Scientific Basis for the Combination of Tegafur With Uracil

ABSTRACT: Fujii et al reported that Uracil potentiated the antitumor activity of fluorouracil (5-FU) and 1-(2-tetrahydrofuryl)-5-fluorouracil (tegafur). This effect was due to inhibition of the degradation of 5-FU, yet the phosphorylation of 5-FU was unaffected. The molar ratio of tegafur and uracil was 1:4, a combination that has since been widely prescribed in Japan for the treatment of cancer patients. We present here our experimental and clinical results when investigating the antineoplastic effects of this combination of drugs—known as UFT—and provide evidence that UFT is an effective treatment for patients with cancer. [ONCOLOGY 11(Suppl 10):14-21, 1997]


Introduction

Fluorouracil (5-FU) and its derivatives have been widely used, either alone, or in combination with other drugs, for the treatment of patients with advanced gastric cancer. However, 5-FU degrades rapidly after coming into contact with dihydrouracil dehydrogenase (EC 1.3.1.2) (mainly produced in the liver) and is subsequently excreted in the urine as a-fluoro-b-alanine.[1] UFT, a combination of 1-(2-tetrahydrofuryl)-5-fluorouracil (tegafur) and uracil at a molar ratio of 1:4 developed by Fujii and colleagues,[2,3] allows for:

  1. Potentiation of 5-fluorouracil’s antitumor activity by biochemical modulation.
  2. High antitumor effect with few side effects due to the tumor selectivity of 5-FU.
  3. Oral administration for outpatient delivery.

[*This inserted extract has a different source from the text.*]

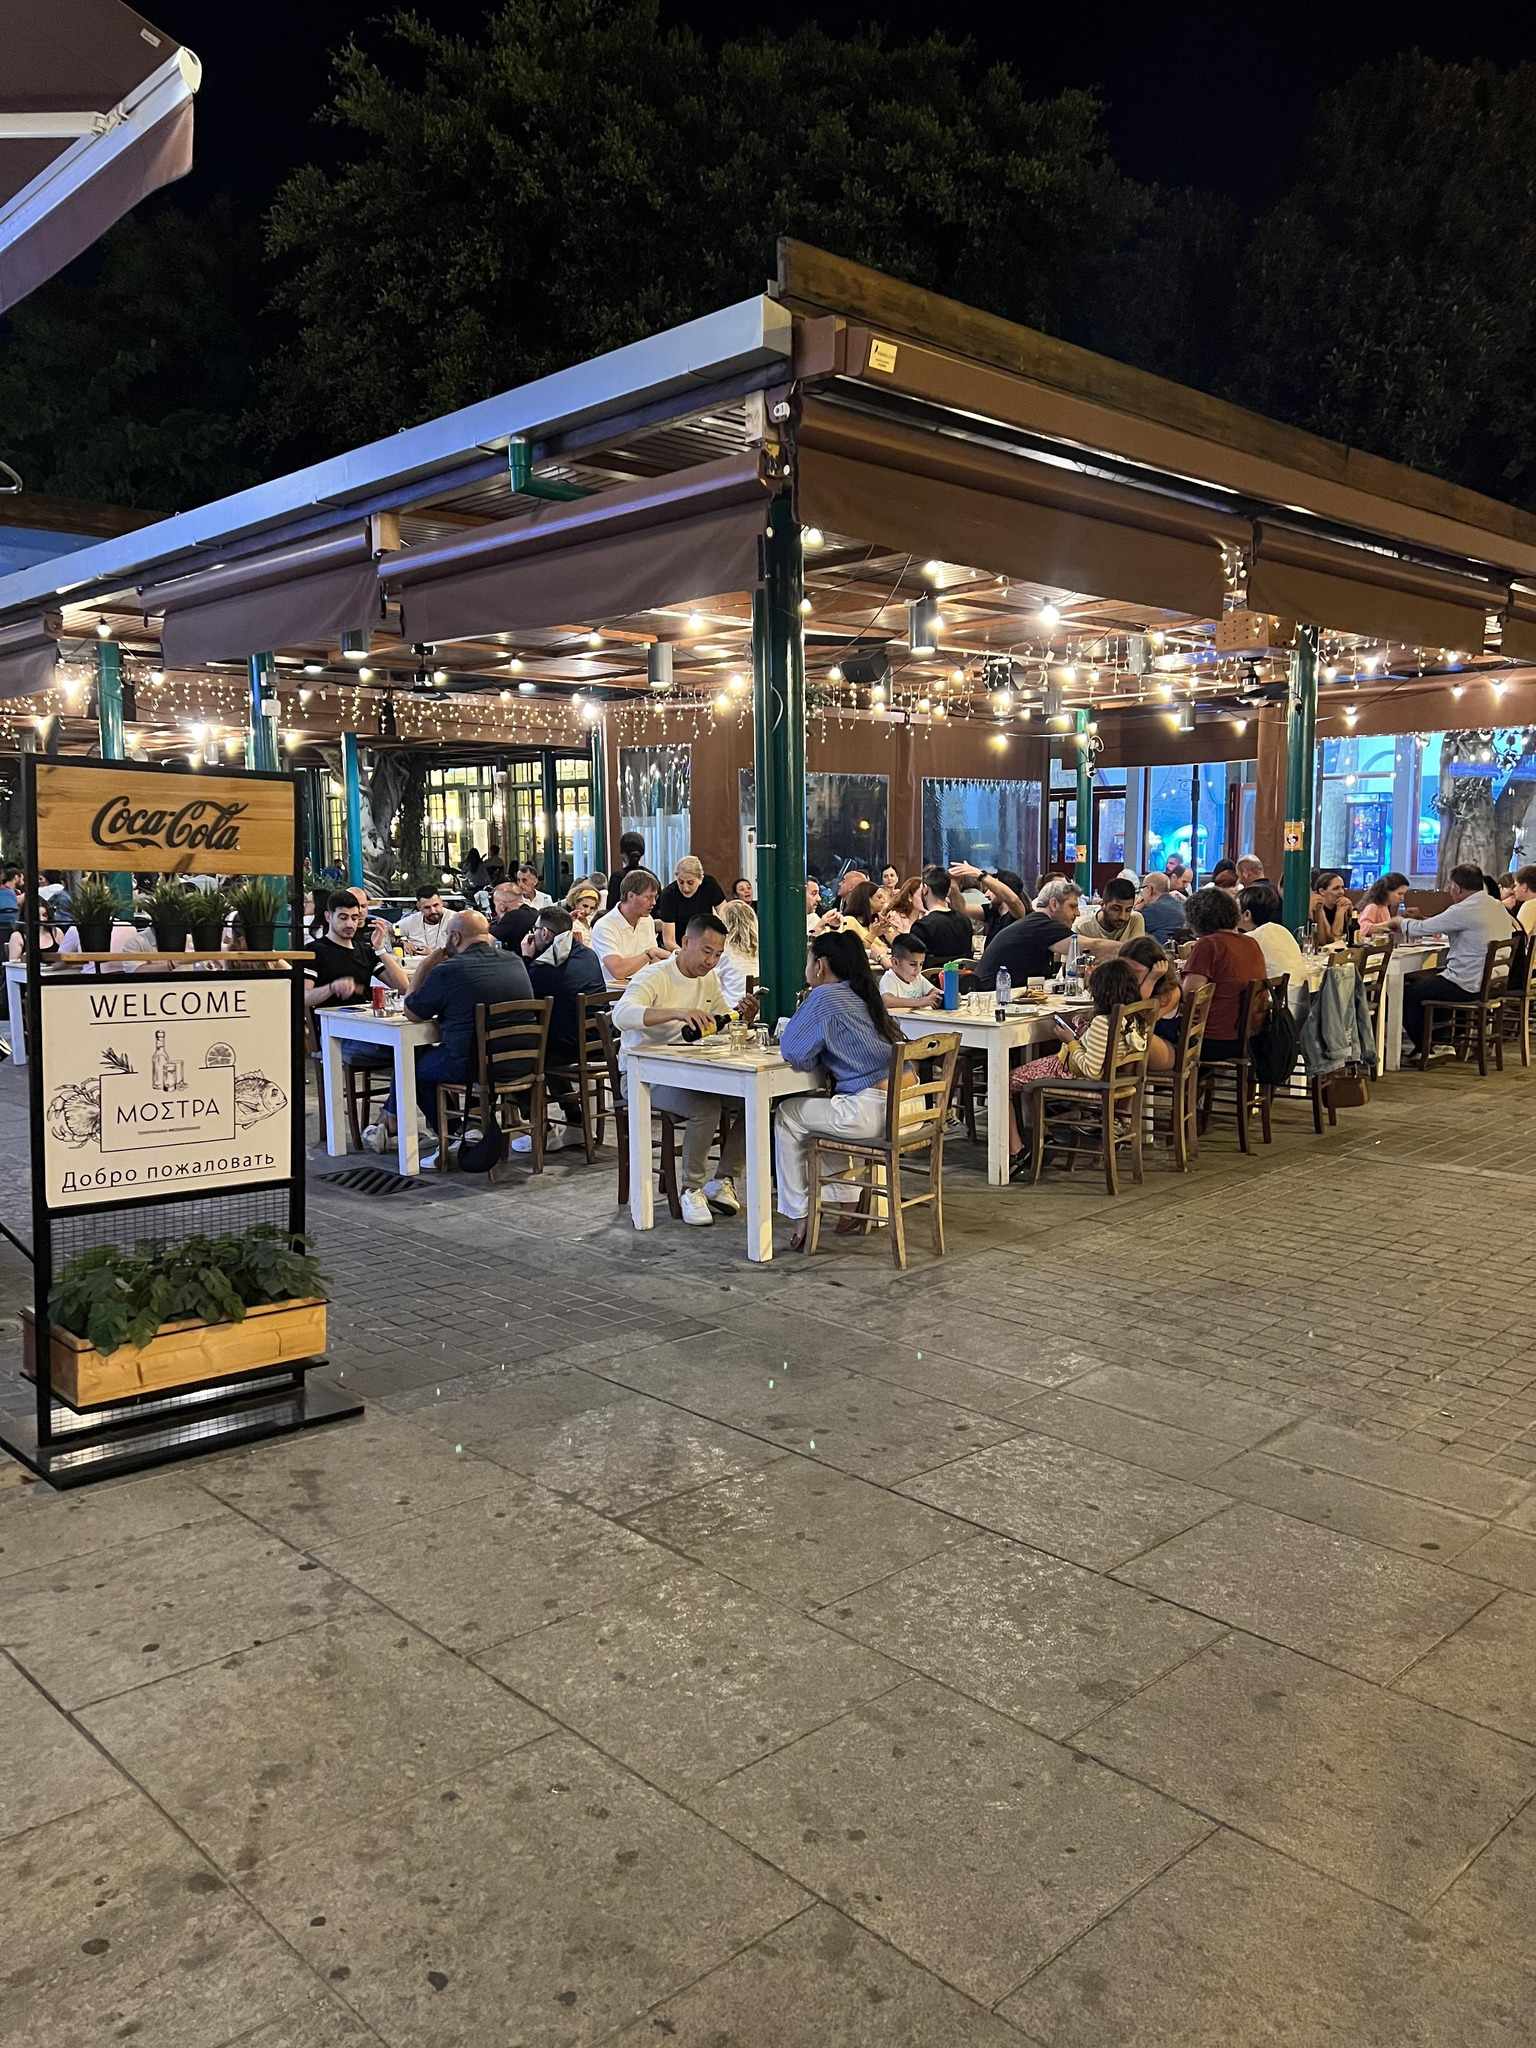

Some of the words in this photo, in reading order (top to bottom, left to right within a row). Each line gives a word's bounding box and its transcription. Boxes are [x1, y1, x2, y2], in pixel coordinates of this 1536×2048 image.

The antineoplastic mechanism of action of UFT is illustrated in Figure 1. Tegafur is metabolized primarily in liver microsomes to 5-FU. 5-FU then undergoes one of two processes: it is either (1) phosphorylated to fluoro-nucleotides, which inhibit RNA and DNA syntheses in tumor cells, or (2) it is degraded to fluoro-ureidopropionic acid and a-fluoro-b-alanine by dihydrouracil dehydrogenase in the liver. The uracil component of UFT inhibits 5-FU degradation, thereby potentiating the antineoplastic pathway. This report describes our experimental and clinical data on the antineoplastic effects of UFT.

Experimental Studies

The most effective cosubstrate for combination with tegafur was identified by treating sarcoma 180-bearing mice with various doses of tegafur alone or in combination with uracil, uridine, thymine, or thymidine, in a molar ratio of 1:2 (Figure 2).[4] The antineoplastic activity was then assessed, and body weight changes, used as an index of side effects, were examined. Drugs were given orally for 7 days, starting on day 0 of tumor transplantation of sarcoma 180 cells in mice. On day 10, tumor size was measured and tumor/control was examined. Among the nucleosides and bases, uracil best potentiated the antineoplastic effects of tegafur, with limited increase in side effects relative to the other substrates as determined by body weight change, making it the appropriate cosubstrate for tegafur.

The effect of uracil on 5-FU phosphorylation and degradation was examined to determine the combination’s antitumor potential (Figure 3).[5] 5-FU phosphorylation was determined, based on the total amount of fluoro-nucleotides in Yoshida sarcoma cells, and its degradation was determined by the total amount of fluoro-ureidopropionic acid and a-fluoro-b-alanine in rat liver slices in vitro. When uracil was administered at different concentrations in medium containing 2.5-mmol/L 5-FU, the phosphorylation of 5-FU was not altered with each concentration, but the degradation of 5-FU did decrease in a dose-dependent manner.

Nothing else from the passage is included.